Leaving the images behind, copy every line of the records exactly.

Text-to-region grounding data:
Content starts

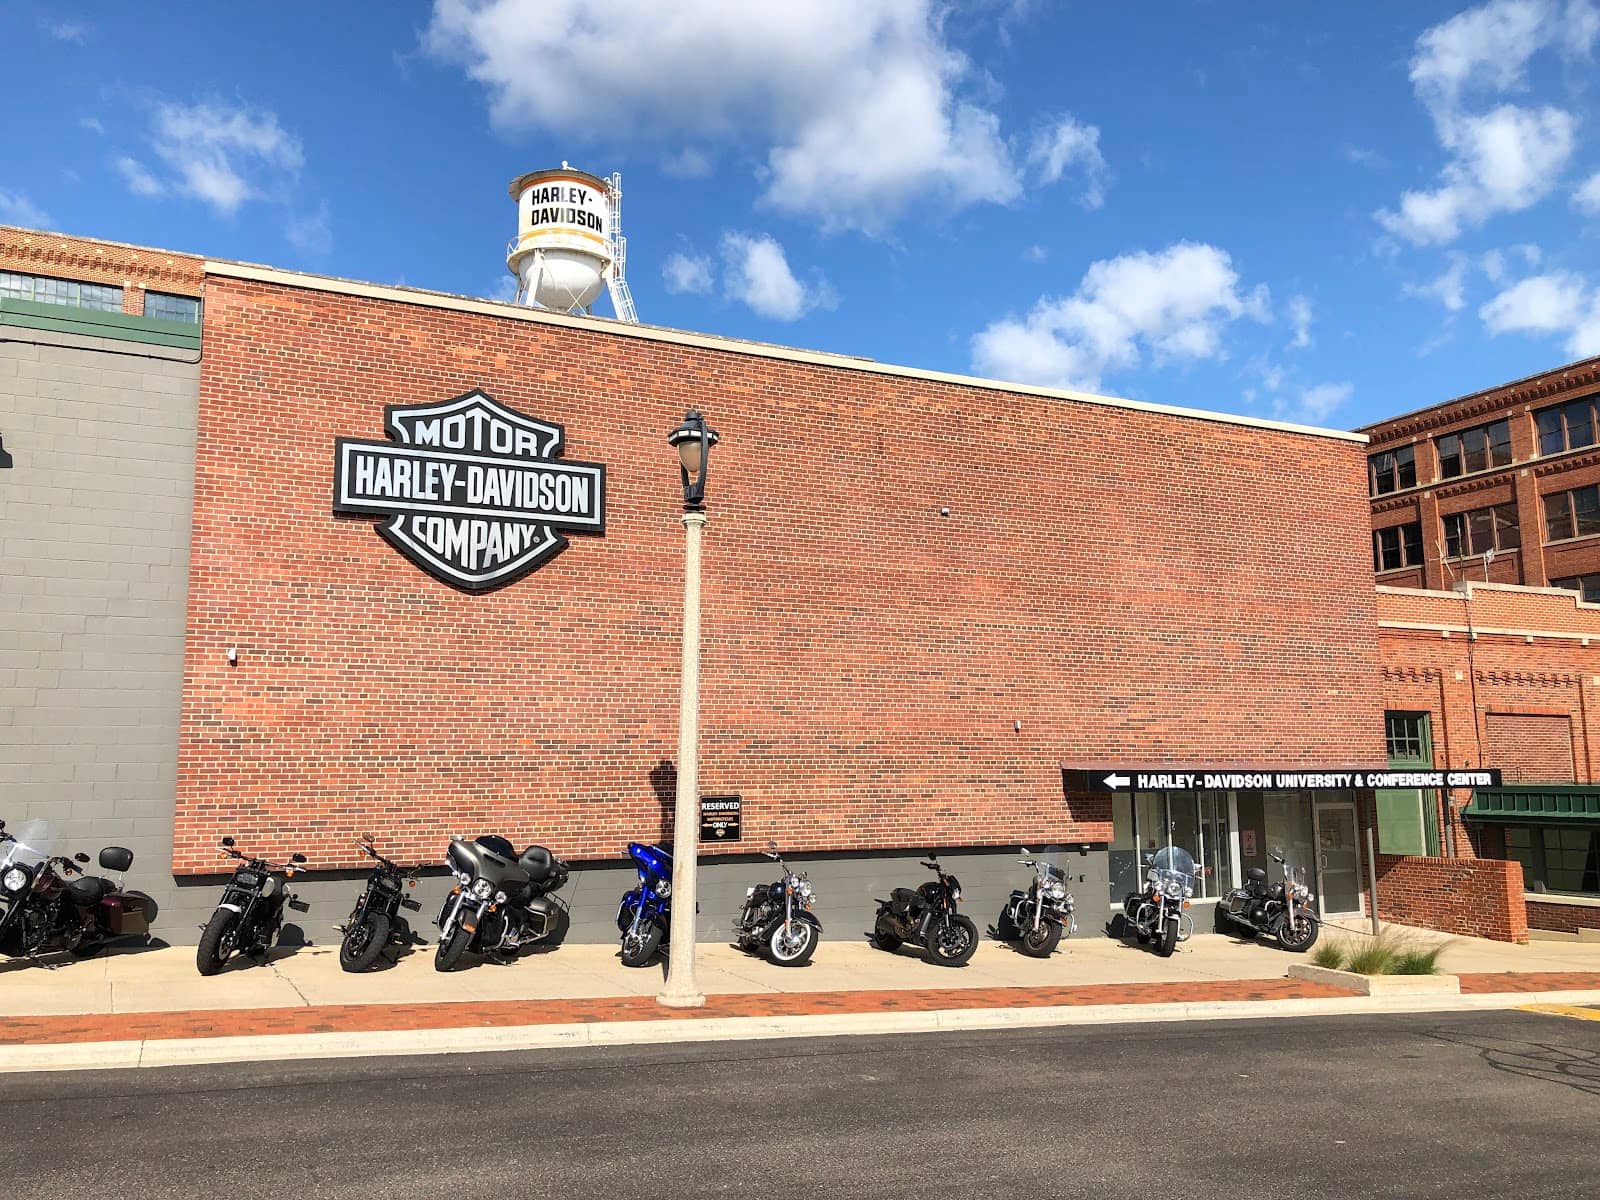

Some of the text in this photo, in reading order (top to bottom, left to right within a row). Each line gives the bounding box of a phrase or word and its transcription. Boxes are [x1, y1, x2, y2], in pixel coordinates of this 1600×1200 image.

[531, 207, 603, 233] DAVIDSON
[415, 407, 537, 457] MOTOR
[355, 455, 588, 513] HARLEY-DAVIDSON
[412, 515, 536, 570] COMPANY
[1276, 773, 1352, 788] UNIVERSITY
[1354, 774, 1363, 787] &
[1366, 773, 1443, 787] CONFERENCE
[1447, 773, 1492, 786] CENTER
[701, 802, 739, 810] RESERVED
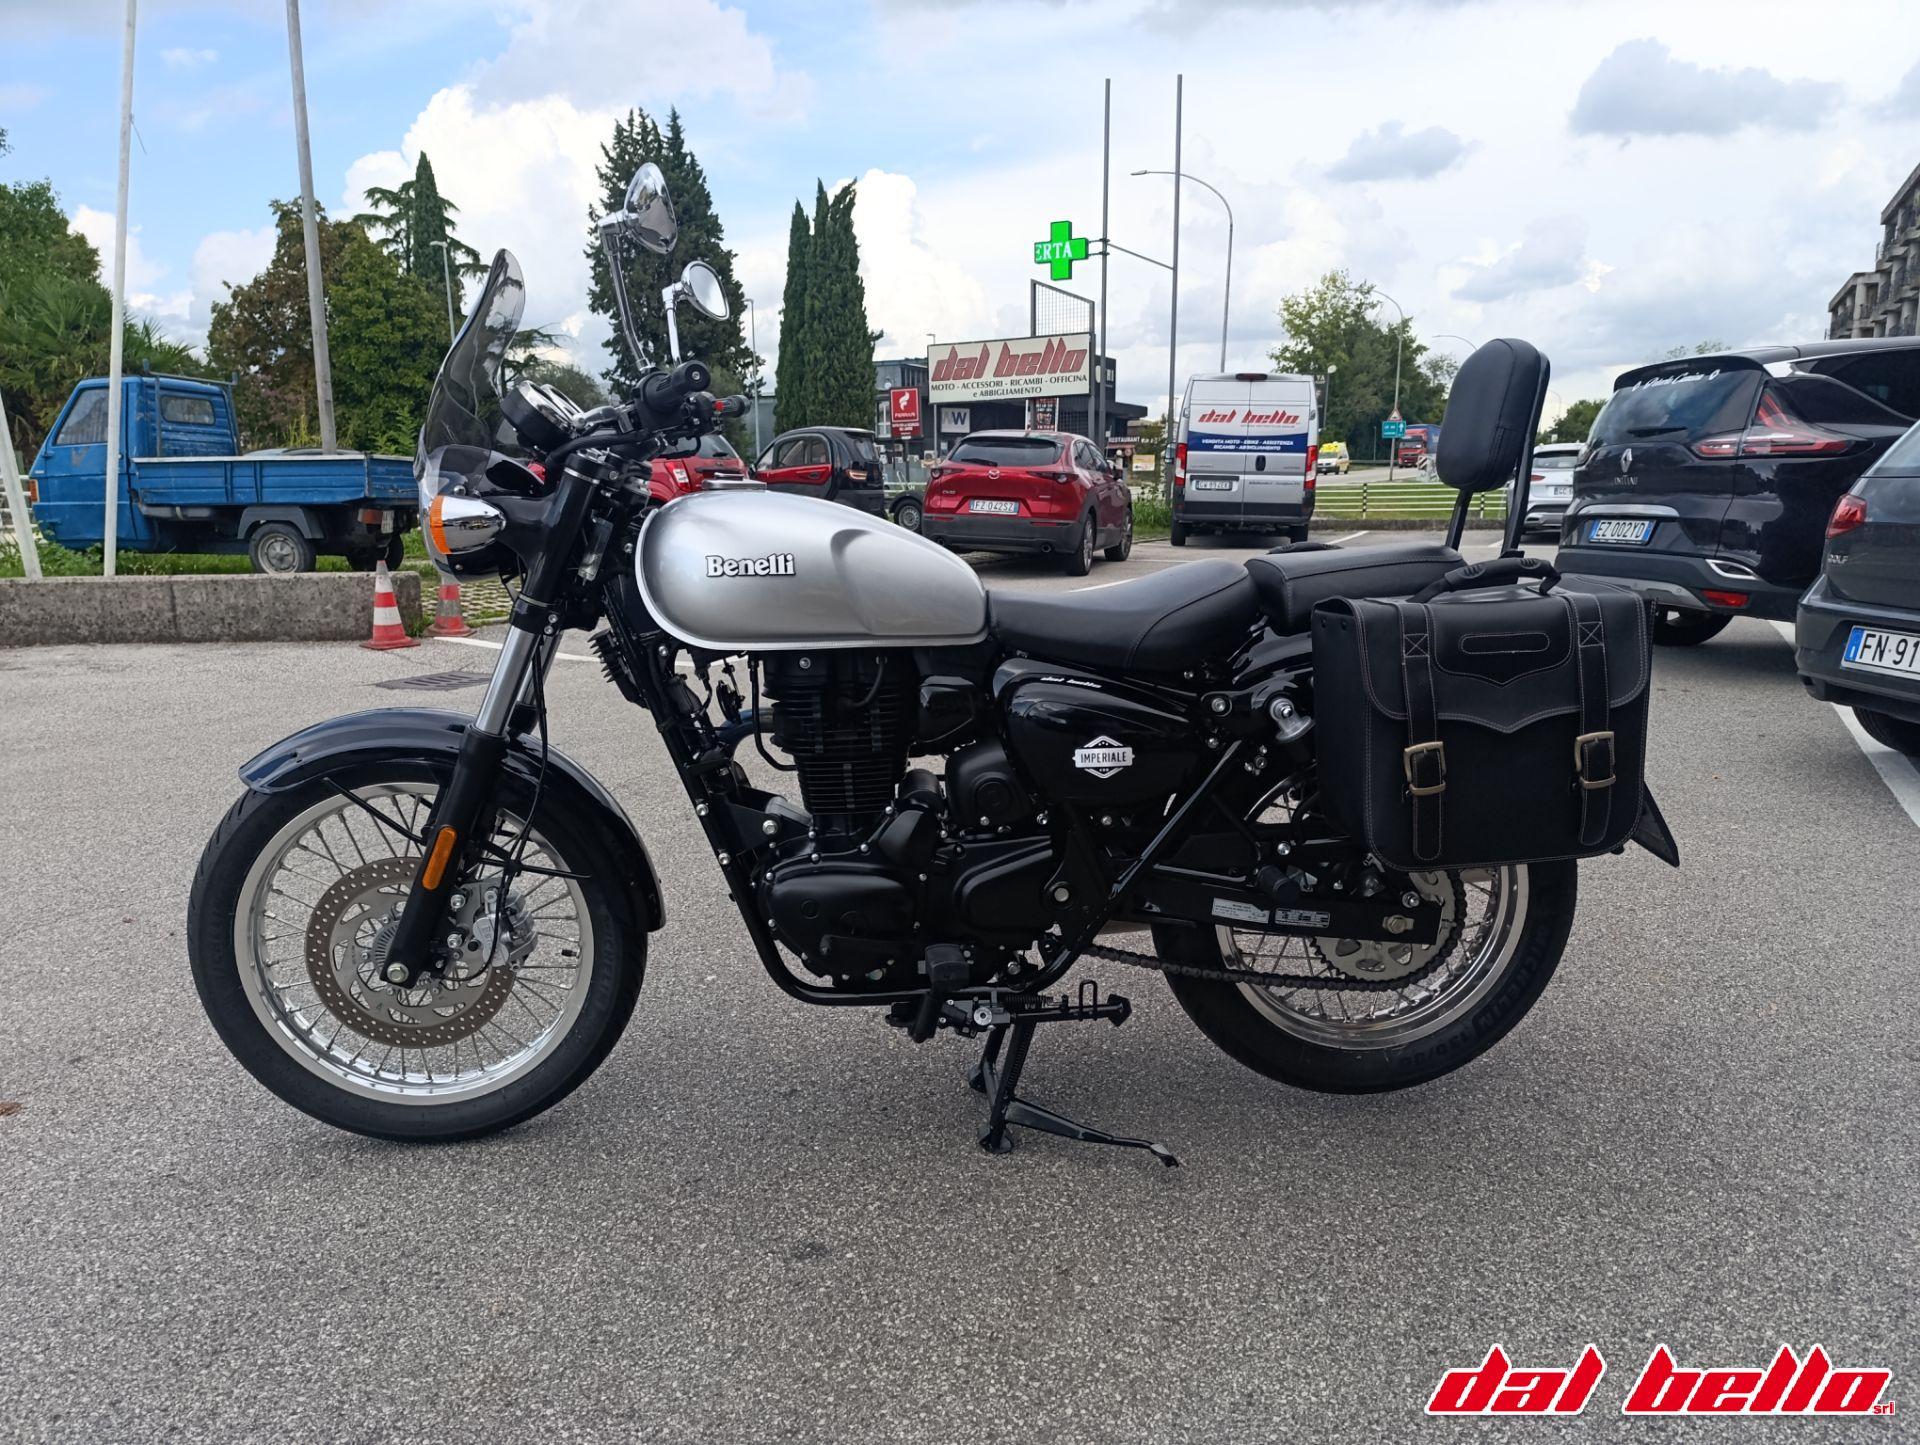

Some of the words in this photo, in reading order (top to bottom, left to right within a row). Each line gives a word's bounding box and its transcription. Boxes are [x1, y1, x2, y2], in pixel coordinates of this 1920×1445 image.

Content ends

## WRITTEN RESPONSE:
Some of the text in this photo, in reading order (top to bottom, left to right within a row). Each line gives the bounding box of a phrase or word and its transcription. Boxes are [x1, y1, x2, y2], in pixel coordinates of this 1600×1200 image.

[531, 207, 603, 233] DAVIDSON
[415, 407, 537, 457] MOTOR
[355, 455, 588, 513] HARLEY-DAVIDSON
[412, 515, 536, 570] COMPANY
[1276, 773, 1352, 788] UNIVERSITY
[1354, 774, 1363, 787] &
[1366, 773, 1443, 787] CONFERENCE
[1447, 773, 1492, 786] CENTER
[701, 802, 739, 810] RESERVED

Some of the words in this photo, in reading order (top to bottom, left to right within a row). Each line gives a word's bounding box and its transcription. Boxes are [x1, y1, x2, y2], in pixel coordinates of this 1920×1445 image.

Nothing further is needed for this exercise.